And a lot of what traders are pointing to is just a lot of short covering. Hence, you're seeing that volume spike and those wild swings in the stock. But it all triggered by a Monday disclosure from Ryan Cohen that he has been bought out of the money call options--

BRAD SMITH: Right.

BRIAN SOZZI: --on Bed Bath & Beyond. Essentially, he makes money if Bed Bath shares go above 60. And makes more money if they go up on-- go beyond 80. That's a simple way of looking at it.

BRAD SMITH: Right, and are at that range when the options expire as well. And so that is the critical thing here, too, because the strike price would imply a 66% to a 73% rise in shares from where we closed yesterday. And at that range, we're looking at some of the highs that we would have seen in Bed Bath & Beyond.

For a company that is so right now detached from fundamentals-- and sure, there's the argument that if it's a meme play or if it's a kind of social investing play, if you will, because you see so much of the fanfare around it or the short covering of the short squeeze play, that how much does it actually retain this type of steam that it's seen in the interim period?

And the larger question around Bed Bath & Beyond's future even as a whole, where do they start to lean into? I think is the question. Where do they start to lean into some of the Reddit retail traders or just the meme players out there, if you will? Because that's what we've seen AMC do.

They've offered new tiers. Does a Bed Bath & Beyond come out and say, you know what?

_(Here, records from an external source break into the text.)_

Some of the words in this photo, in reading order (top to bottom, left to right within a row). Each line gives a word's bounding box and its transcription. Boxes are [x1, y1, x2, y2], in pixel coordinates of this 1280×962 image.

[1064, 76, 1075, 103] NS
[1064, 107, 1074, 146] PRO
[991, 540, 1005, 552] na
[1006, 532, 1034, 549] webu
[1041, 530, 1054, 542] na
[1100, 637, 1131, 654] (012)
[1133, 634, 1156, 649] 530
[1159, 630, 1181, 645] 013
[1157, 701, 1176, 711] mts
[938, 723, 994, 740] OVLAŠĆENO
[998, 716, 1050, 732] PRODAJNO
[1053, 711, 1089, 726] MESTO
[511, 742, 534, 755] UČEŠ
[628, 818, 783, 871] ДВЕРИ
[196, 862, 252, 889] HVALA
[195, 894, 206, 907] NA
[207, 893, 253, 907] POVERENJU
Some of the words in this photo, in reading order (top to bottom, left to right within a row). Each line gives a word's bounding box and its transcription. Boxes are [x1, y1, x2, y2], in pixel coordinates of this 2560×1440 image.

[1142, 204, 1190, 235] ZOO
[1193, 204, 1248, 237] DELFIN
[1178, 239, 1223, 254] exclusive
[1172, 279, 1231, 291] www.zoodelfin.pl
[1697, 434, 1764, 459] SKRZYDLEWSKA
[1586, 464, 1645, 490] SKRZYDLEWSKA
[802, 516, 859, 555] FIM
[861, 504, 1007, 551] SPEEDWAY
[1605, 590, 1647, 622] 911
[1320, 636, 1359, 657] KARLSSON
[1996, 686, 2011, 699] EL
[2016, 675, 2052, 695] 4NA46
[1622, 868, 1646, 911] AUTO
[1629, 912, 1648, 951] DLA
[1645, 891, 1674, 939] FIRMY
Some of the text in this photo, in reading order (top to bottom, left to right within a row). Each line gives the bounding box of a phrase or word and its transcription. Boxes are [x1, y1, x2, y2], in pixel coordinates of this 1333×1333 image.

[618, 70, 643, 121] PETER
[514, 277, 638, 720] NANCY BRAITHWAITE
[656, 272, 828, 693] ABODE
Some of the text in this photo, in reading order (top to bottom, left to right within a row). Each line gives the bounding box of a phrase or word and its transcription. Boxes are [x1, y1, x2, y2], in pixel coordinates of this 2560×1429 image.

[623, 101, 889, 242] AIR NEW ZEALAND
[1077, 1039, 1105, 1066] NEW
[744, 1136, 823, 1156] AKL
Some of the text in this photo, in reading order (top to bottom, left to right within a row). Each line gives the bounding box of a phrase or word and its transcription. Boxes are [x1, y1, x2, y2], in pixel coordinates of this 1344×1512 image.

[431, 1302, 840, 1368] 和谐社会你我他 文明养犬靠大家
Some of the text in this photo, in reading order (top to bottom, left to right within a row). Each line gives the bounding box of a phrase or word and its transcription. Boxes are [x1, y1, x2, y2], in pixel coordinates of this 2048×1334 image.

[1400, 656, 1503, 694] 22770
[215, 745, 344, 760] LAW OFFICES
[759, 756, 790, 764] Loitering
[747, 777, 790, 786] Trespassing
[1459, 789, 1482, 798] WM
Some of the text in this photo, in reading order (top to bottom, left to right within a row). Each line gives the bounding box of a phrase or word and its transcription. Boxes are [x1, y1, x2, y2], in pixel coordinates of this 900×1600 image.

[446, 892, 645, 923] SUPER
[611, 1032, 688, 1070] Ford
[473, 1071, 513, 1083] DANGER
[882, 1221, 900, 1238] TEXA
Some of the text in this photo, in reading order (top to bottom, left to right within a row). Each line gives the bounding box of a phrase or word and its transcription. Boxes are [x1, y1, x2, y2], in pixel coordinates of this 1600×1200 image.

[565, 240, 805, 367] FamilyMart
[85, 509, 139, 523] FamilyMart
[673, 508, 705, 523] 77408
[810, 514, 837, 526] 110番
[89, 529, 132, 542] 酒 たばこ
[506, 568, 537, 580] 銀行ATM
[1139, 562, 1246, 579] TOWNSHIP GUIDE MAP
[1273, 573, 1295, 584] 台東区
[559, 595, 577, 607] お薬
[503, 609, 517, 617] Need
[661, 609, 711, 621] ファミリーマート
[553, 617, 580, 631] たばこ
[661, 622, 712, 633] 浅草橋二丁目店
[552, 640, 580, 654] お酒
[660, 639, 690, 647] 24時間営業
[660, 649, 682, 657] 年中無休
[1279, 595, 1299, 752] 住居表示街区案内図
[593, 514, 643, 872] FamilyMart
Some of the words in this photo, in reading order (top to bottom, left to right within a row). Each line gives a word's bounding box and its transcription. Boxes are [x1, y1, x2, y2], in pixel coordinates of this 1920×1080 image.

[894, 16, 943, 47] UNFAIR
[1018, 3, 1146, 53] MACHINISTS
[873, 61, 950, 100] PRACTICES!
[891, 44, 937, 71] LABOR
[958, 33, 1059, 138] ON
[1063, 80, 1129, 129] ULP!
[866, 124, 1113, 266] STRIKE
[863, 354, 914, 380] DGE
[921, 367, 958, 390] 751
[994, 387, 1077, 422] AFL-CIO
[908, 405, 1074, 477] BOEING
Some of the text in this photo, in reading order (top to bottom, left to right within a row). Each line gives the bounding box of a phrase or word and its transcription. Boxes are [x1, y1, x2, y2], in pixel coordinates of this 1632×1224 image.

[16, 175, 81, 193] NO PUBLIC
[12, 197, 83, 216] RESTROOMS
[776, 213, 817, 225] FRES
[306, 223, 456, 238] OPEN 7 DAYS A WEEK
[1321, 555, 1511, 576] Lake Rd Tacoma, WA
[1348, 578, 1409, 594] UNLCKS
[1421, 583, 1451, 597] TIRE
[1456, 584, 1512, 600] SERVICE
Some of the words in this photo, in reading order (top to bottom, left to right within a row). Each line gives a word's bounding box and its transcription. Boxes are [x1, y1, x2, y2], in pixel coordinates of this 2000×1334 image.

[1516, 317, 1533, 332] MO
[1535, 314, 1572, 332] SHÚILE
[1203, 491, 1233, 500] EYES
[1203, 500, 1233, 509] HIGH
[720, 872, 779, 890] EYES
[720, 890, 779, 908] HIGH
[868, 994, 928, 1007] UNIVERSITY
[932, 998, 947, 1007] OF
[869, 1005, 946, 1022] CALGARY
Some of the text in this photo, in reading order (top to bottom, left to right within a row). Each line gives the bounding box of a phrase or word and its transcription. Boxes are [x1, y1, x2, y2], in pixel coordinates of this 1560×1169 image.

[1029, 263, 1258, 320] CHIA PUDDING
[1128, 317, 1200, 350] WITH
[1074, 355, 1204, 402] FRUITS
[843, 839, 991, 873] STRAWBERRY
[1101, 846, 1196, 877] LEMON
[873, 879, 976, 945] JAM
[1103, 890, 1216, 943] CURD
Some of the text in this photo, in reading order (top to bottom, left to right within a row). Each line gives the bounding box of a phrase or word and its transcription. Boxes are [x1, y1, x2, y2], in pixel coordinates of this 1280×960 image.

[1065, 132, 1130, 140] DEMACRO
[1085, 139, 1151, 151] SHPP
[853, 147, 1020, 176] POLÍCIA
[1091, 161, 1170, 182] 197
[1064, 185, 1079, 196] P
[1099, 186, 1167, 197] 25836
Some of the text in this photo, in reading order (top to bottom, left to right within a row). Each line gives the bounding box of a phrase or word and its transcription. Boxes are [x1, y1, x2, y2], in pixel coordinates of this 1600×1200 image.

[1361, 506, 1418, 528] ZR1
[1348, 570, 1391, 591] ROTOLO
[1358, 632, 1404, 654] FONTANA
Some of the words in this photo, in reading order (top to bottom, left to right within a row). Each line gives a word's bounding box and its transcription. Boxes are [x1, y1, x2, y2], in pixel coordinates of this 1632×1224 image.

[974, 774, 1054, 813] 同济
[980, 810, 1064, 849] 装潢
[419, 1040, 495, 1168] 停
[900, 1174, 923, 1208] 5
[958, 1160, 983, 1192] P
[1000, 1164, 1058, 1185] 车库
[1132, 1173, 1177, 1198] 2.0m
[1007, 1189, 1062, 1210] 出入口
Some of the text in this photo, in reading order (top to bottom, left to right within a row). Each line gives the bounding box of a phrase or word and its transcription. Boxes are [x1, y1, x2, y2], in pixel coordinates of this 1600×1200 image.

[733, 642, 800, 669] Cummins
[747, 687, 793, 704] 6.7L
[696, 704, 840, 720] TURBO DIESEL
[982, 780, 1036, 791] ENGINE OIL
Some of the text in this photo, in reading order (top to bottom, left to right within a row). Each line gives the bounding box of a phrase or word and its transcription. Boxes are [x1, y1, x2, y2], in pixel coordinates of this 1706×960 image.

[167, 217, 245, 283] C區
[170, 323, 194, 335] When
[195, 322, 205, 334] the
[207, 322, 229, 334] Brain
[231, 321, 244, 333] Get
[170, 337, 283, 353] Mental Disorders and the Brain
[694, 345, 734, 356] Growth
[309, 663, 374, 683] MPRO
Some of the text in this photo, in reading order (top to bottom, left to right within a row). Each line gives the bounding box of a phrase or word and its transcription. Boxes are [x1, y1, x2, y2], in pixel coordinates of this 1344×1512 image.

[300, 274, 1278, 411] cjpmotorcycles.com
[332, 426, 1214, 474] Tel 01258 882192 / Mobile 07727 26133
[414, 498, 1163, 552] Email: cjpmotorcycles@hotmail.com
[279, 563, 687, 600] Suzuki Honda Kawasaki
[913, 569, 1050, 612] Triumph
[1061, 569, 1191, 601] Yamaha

Yeah, if you buy some shares then we're going to give you-- we're gonna send you another 20% discount coupon.

BRIAN SOZZI: You mentioned AMC. And I don't know what new interim CEO of Bed Bath & Beyond is doing. That is Sue Gove. We have not heard from this company at all. At all. She should be out there raising cash, given that the stock--

BRAD SMITH: [INAUDIBLE].

BRIAN SOZZI: Yes. That the stock price-- given where the stock is and what it's doing. This is a company that needs cash in the worst way ahead of its most important selling season of the year, the holidays. We have not heard a lick from this company. And that is just poor, poor management.

Hopefully, for them, they are at least considering these options and looking to a company, like an AMC, that has used these wild swings in its stock in the past two years to raise cash and live on to fight another day. So Adam Aron, you can criticize him a lot, but he is taking key initiatives to get the cash on that balance sheet that they have needed to get beyond the worst in their business. Bed Bath, unclear where they are. I don't know where they are. I don't know where they are, Brad.

BRAD SMITH: All right, well, maybe they--

BRIAN SOZZI: Maybe they're watching.

BRAD SMITH: Maybe. Maybe.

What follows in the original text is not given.